EFI's not the only way this could be done, either. ACPI specifies something called the ERST, or Error Record Serialization Table. The OS can stick errors in here and then they can be retrieved later. Excellent! Except ERST is currently usually only present on high-end servers. But when ERST support was added to Linux, a generic interface called pstore went in as well.

Pstore's very simple. It's a virtual filesystem that has platform-specific plugins. The platform driver (such as ERST) registers with pstore and the ERST errors then get exposed as files in pstore. Deleting the files removes the records. pstore also registers with kmsg_dump, so when an oops happens the kernel output gets dumped back into a series of records. I'd been playing with pstore but really wanted something a little more convenient than an 8-socket server to test it with, so ended up writing a pstore backend that uses EFI variables. And now whenever I crash the kernel, pstore gives me a backtrace without me having to take photographs of the screen. Progress.

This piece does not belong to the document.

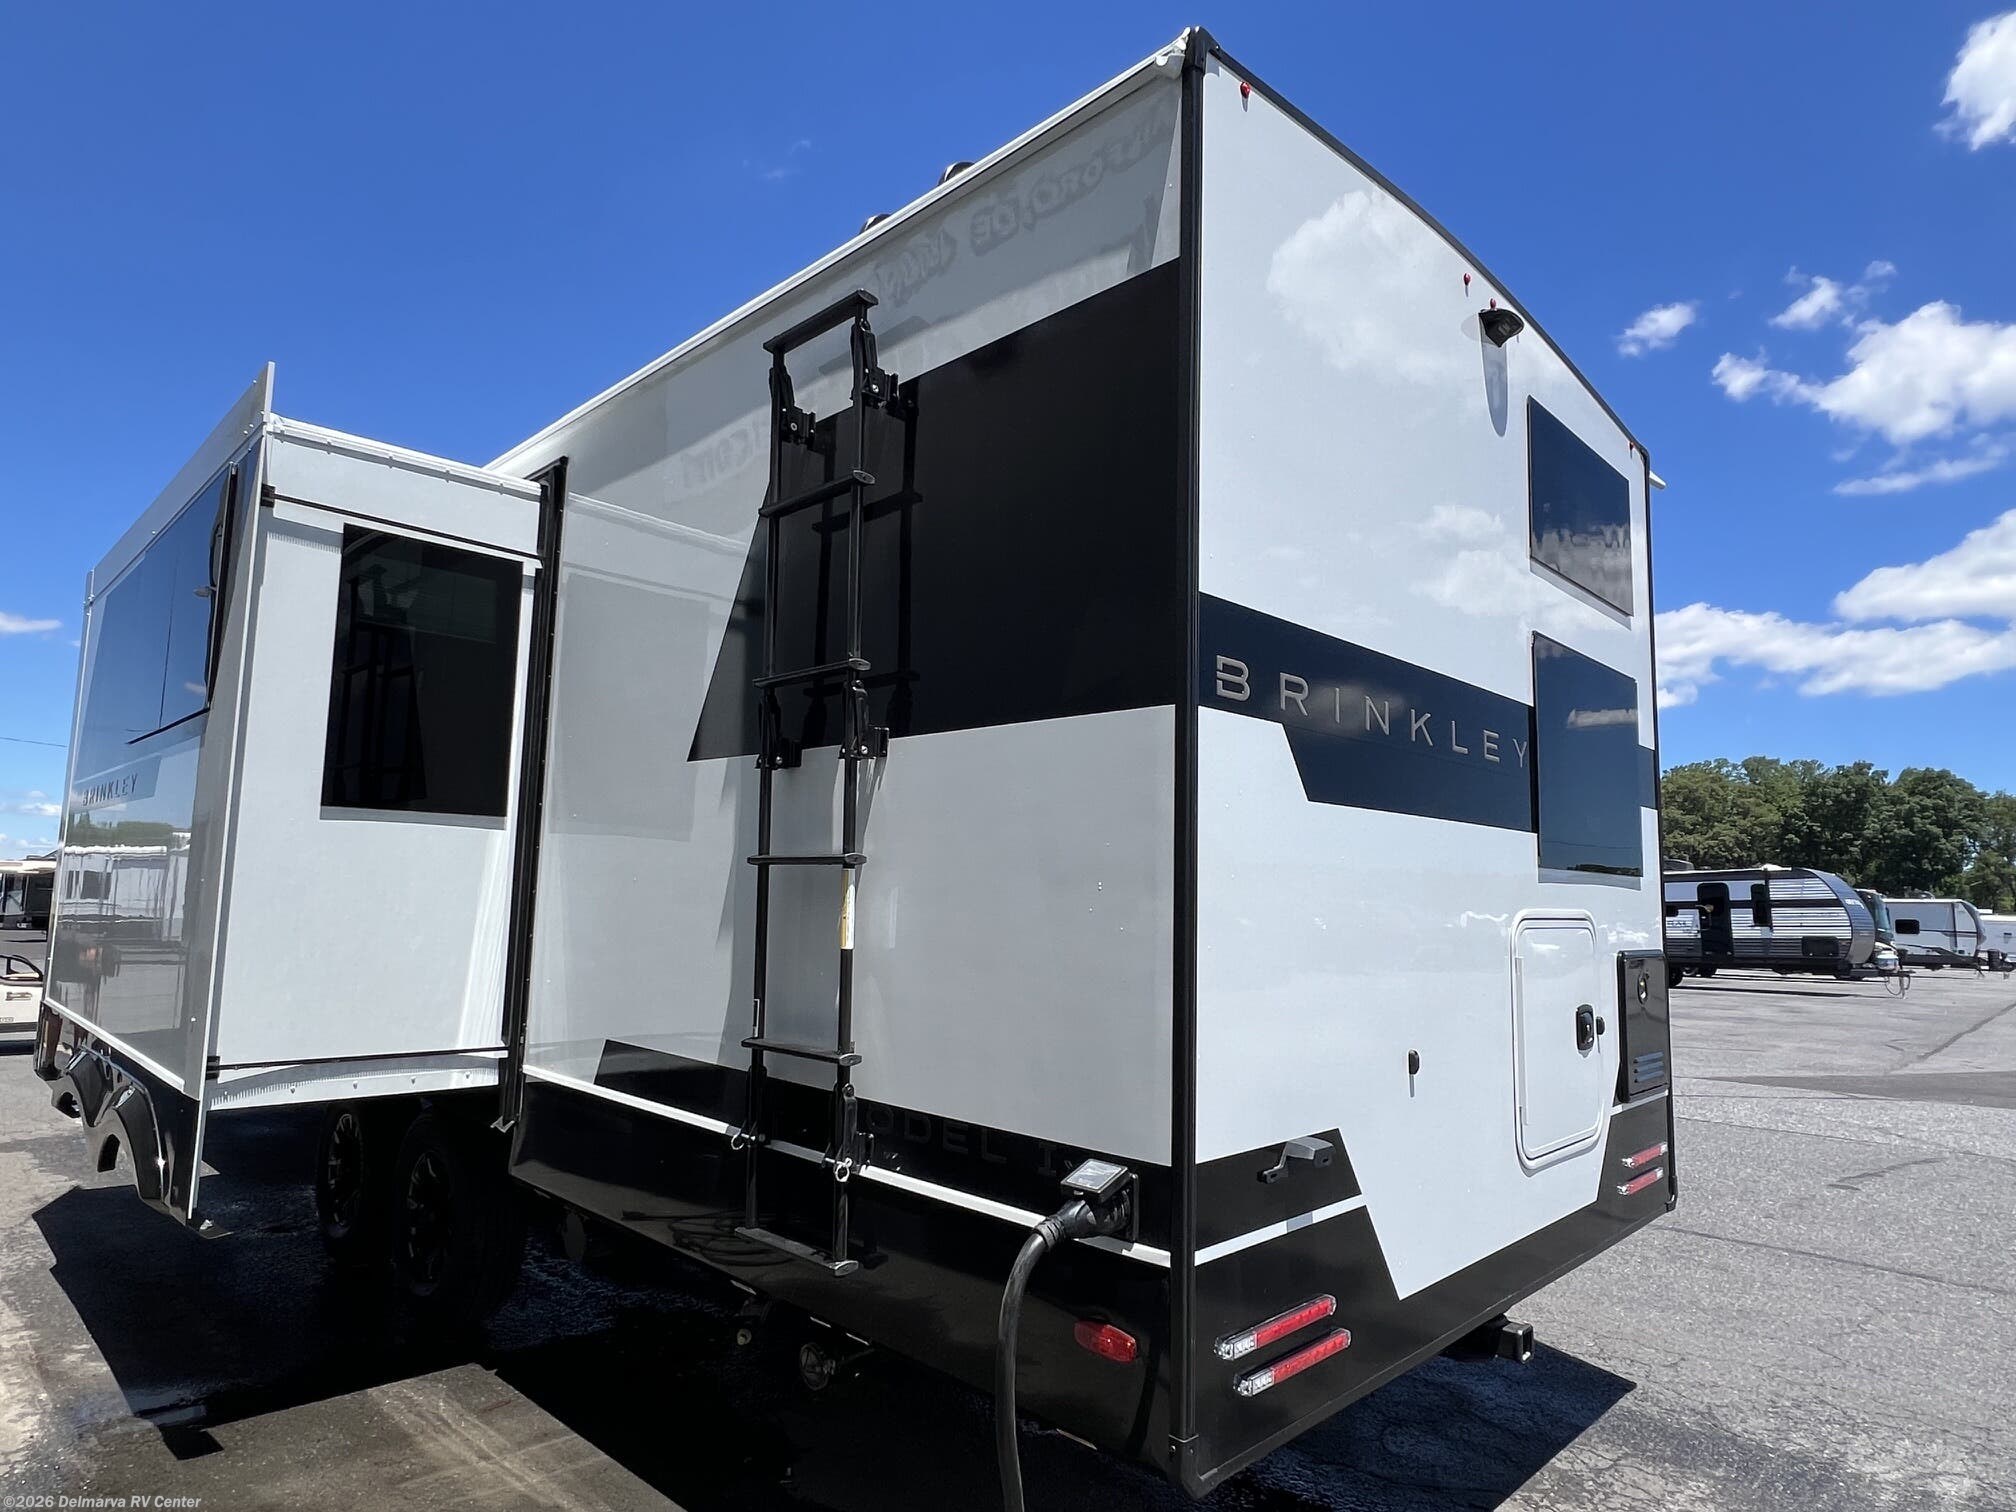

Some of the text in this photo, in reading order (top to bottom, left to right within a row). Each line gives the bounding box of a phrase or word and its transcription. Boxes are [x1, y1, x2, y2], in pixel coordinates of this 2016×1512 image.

Patches are here. I should probably apologise to Seiji Aguchi, who was working on the same problem and posted a preliminary patch for some feedback last month. I replied to the thread without ever reading the patch and then promptly forgot about it, leading to me writing it all from scratch last week. Oops.

(There's an easter egg in the patchset. First person to find it doesn't win a prize. Sorry.)

Date: 2011-06-07 09:47 pm (UTC)
From: [identity profile] anholt.livejournal.com
The easter egg does not appear to involve cowsaying the previous boot's oops log on next boot. I lost interest.

Date: 2011-06-07 09:52 pm (UTC)
From: [identity profile] notting.id.fedoraproject.org
Well, it's not quite the sad mac, but it will do.


Date: 2011-06-08 06:45 am (UTC)
From: (Anonymous)
Does the numeric value of LINUX_EFI_CRASH_GUID have some significance? Is that the easter egg?

Not getting it.

Date: 2011-06-08 07:54 pm (UTC)
From: (Anonymous)
I still honestly don't understand why (U)EFI was created. Something minimal like coreboot would surely have been better. Maybe coreboot didn't exist in its actual design when Intel started developing EFI (IIRC it was about stuffing Linux in the Flashrom back then), but surely they knew about openfirmware?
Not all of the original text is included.